In 1959, the Marathon County Historical Society created a new exhibit that reflected the excitement over the space race.

A Trip to the Moon, Audio Reel, 1959

A Trip to the Moon

The Marathon County Historical Society received as a gift the former home of Alice and Cyrus Yawkey in downtown Wausau. And after a few years of renovation, it was opened as a history museum. But while the community was generous in donating all sorts of items to the new historical society, it was difficult to fill a house with exhibits and displays. Thankfully Edward Schoeberger moved his family to Wausau in 1956, and he became the assistant director. His background as an artist helped create exhibits that reconstructed and even

In 1959, Schoenberger created a new exhibit that would provide an interactive experience for visitors, who were invited to pretend to be astronauts and take off from the Wausau spaceport to visit the moon!

The exhibit had a wall painted with science fiction looking panels and gizmos. It had window ports that would slide open to reveal painted scenes and even a paper mache moon lit up with movie-like magic.

The component of the exhibit that brought together the full experience was the pre-taped audio narration that would be played to walk visitors through the trip. MCHS worked with audio engineers at the local television station to splice together a full soundscape. Narration full of scientific (and scientific-sounding) jargon, sound effects, and even a partial orchestral score that underplayed the whole thing.

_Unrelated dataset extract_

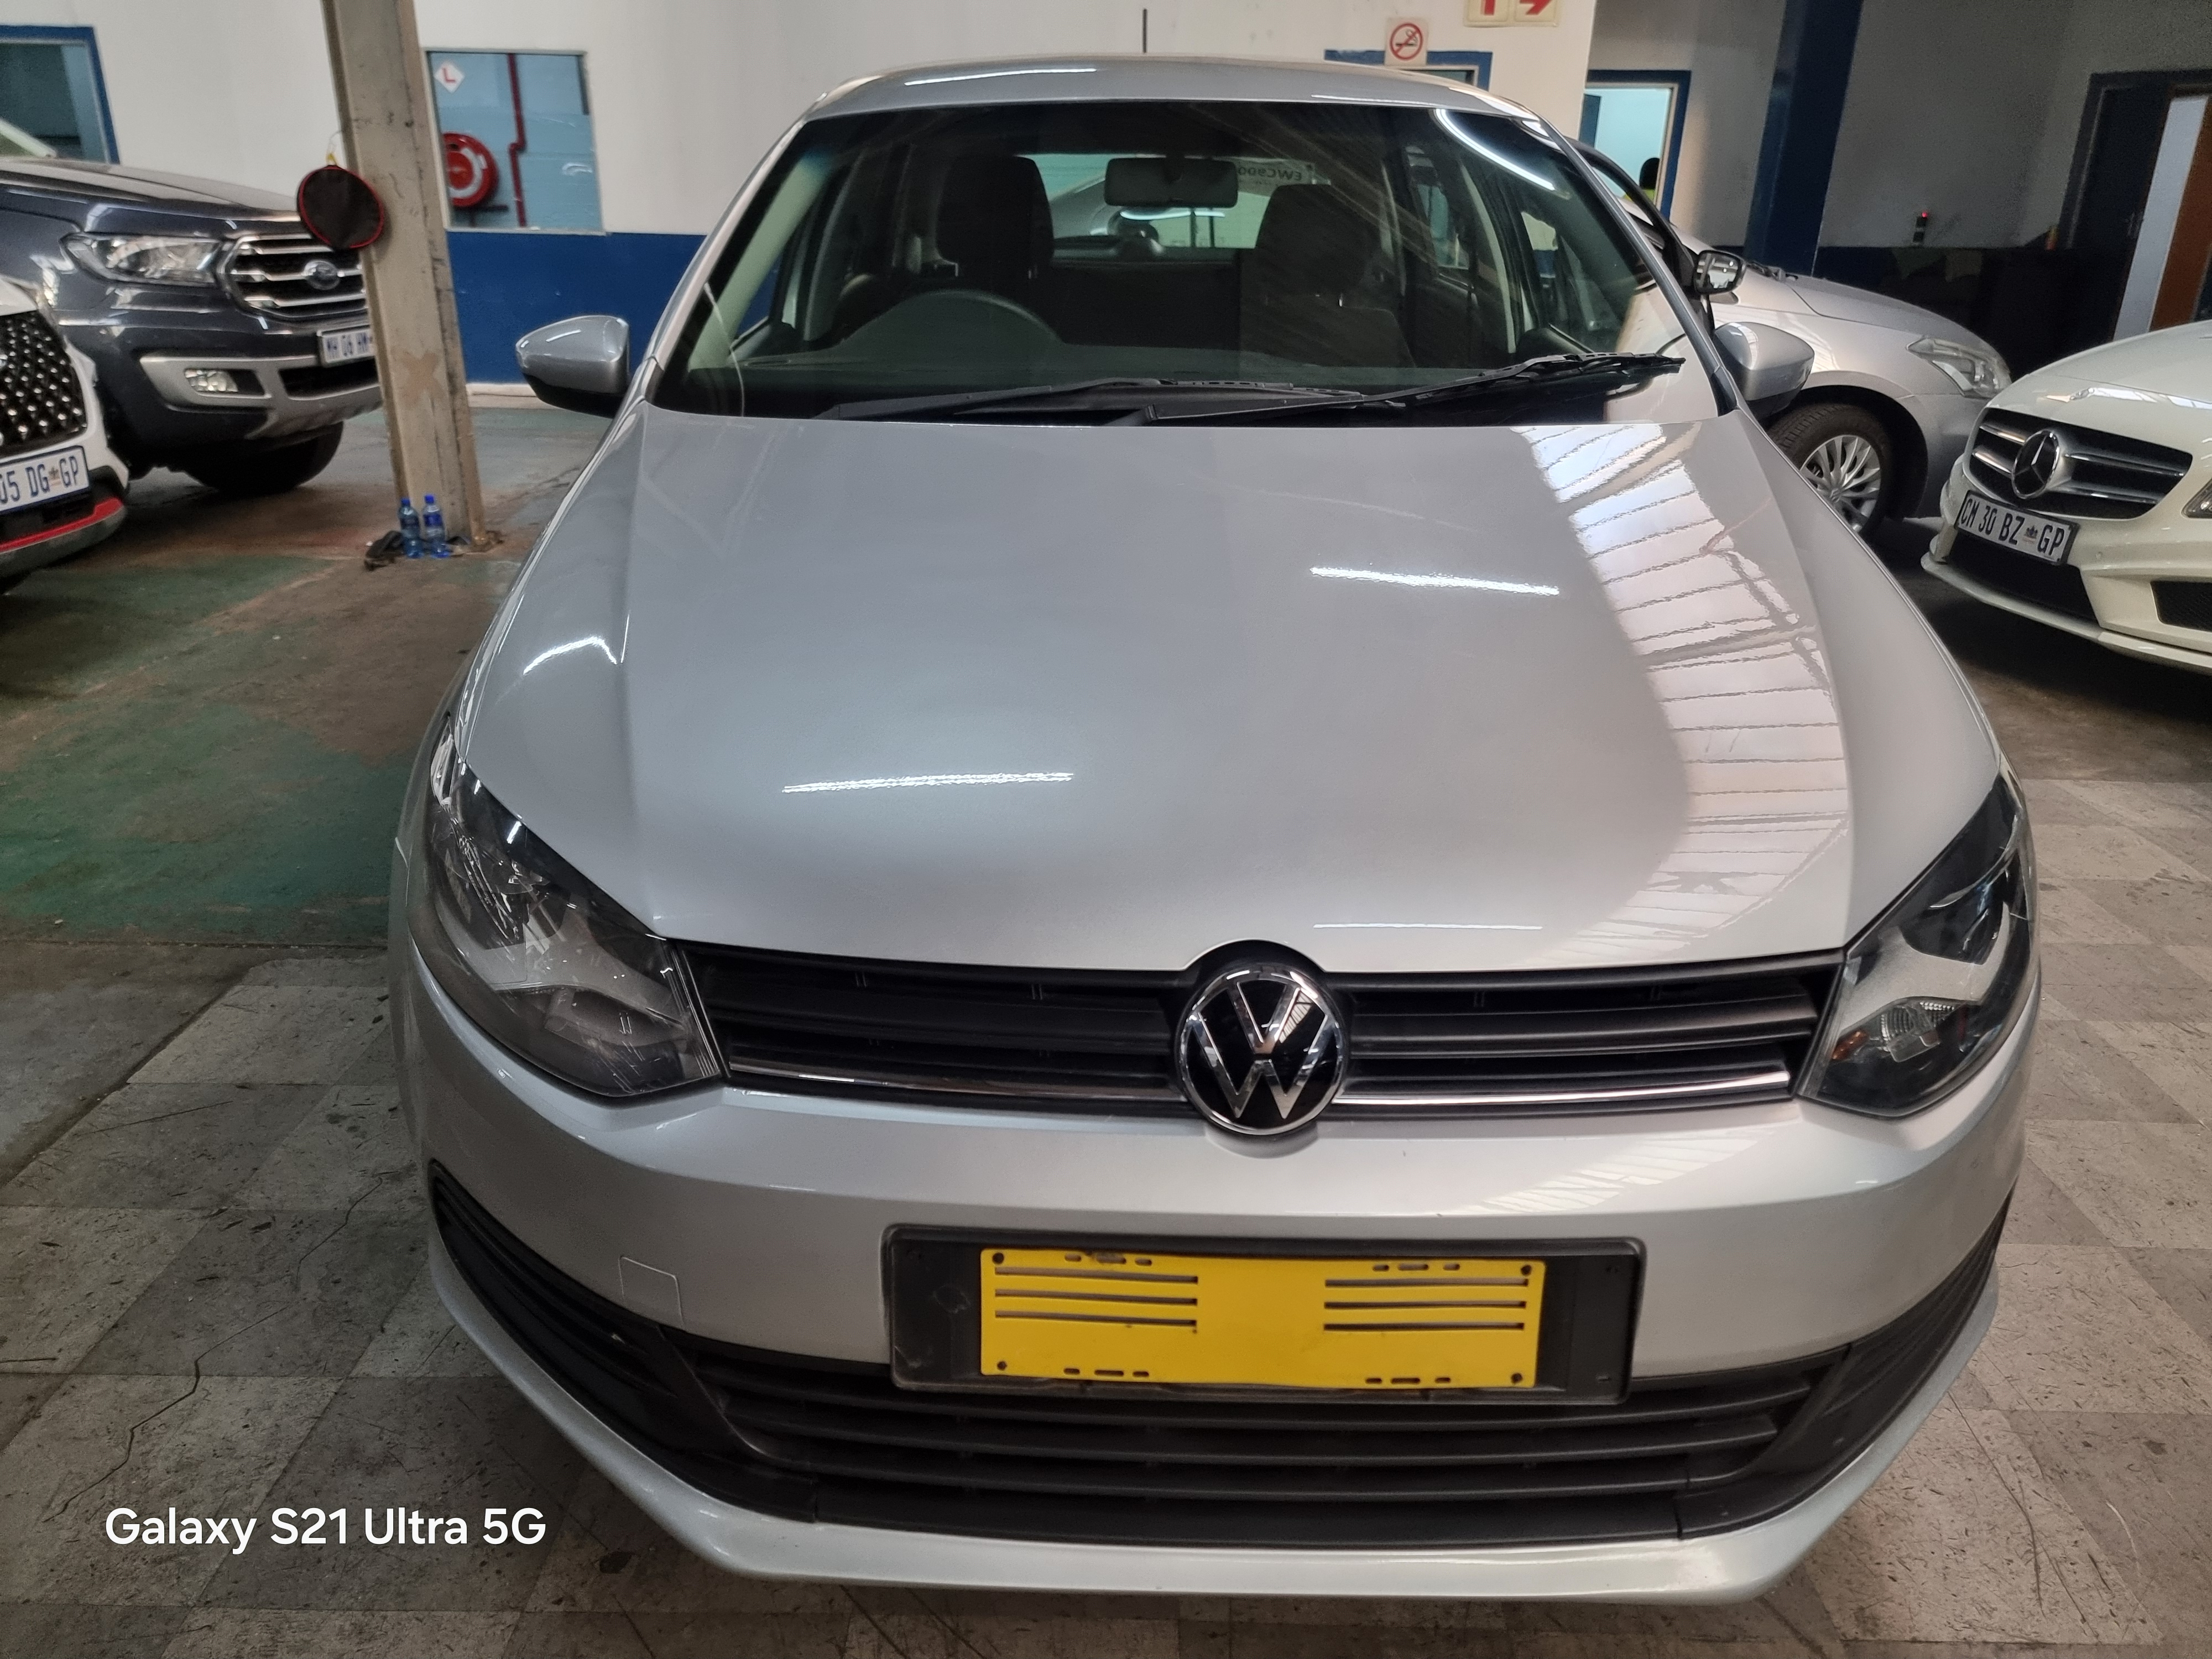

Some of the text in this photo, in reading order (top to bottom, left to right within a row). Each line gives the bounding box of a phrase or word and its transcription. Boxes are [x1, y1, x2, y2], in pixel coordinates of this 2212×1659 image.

Clip from A Trip to the Moon

An Uncertain End

We recently rediscovered the roll of audio tape that would have been played as part of the exhibit and digitized it. It runs about a half hour, and took visitors from blast off to touching down on the moon, before a bit of suspenseful action and an uncertain end. Was the dissonant orchestral score which leaves an uncertain air meant to prompt contemplative consideration of the meaning of life and perhaps raise questions about the nature of human curiosity and where it perhaps ought not take us? Or maybe the exhibit only worked as long as you stayed in the “space ship” and the promised outing onto the surface in the “moon-mobile” was not possible in a small historical society museum in 1959, and the diegetic score was included to provide background as visitors were prompted to leave the room so it could be reset. We may never know for sure…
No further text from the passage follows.